Each entry is to be repeated word for word, and the images are to be dropped.

+ + + + + + +

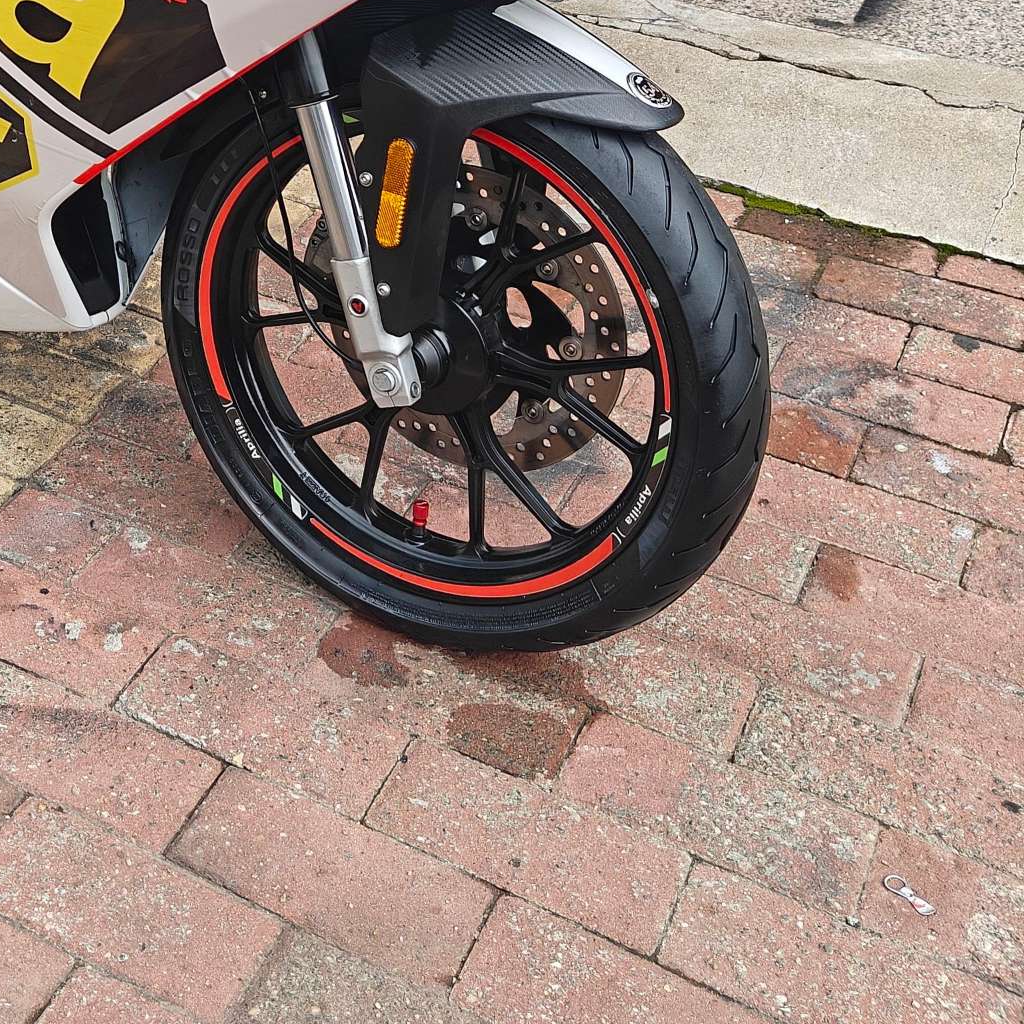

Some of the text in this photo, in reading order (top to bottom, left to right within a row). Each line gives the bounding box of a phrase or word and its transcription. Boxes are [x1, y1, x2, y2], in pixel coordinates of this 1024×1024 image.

[177, 217, 201, 302] ROSSO
[233, 417, 262, 460] Aprilia
[624, 484, 653, 526] Aprilia
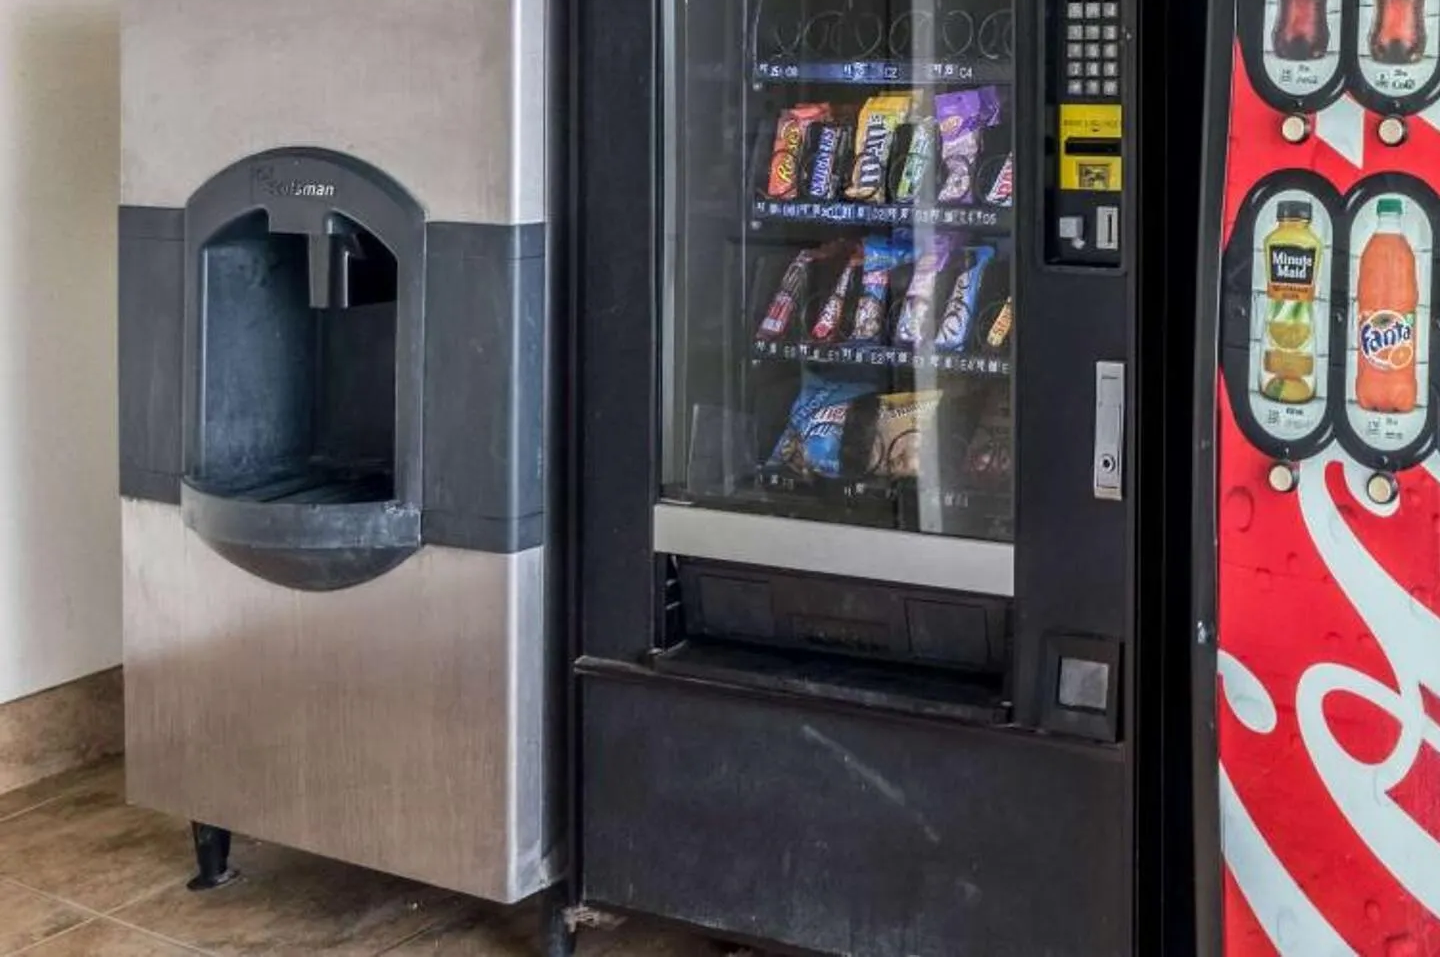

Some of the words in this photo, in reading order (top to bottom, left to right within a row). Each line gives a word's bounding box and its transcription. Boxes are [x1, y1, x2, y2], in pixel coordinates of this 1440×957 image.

[959, 67, 972, 78] C4
[809, 126, 837, 197] SNICKERS
[1272, 251, 1313, 267] Minute
[1276, 264, 1307, 279] Maid

+ + + + + + +

## Written solution
Some of the text in this photo, in reading order (top to bottom, left to right within a row). Each line gives the bounding box of a phrase or word and its transcription. Boxes are [x1, y1, x2, y2], in pixel coordinates of this 1024×1024 image.

[177, 217, 201, 302] ROSSO
[233, 417, 262, 460] Aprilia
[624, 484, 653, 526] Aprilia

Some of the words in this photo, in reading order (top to bottom, left to right within a row). Each line gives a word's bounding box and its transcription. Boxes are [x1, y1, x2, y2], in pixel coordinates of this 1440×957 image.

[959, 67, 972, 78] C4
[809, 126, 837, 197] SNICKERS
[1272, 251, 1313, 267] Minute
[1276, 264, 1307, 279] Maid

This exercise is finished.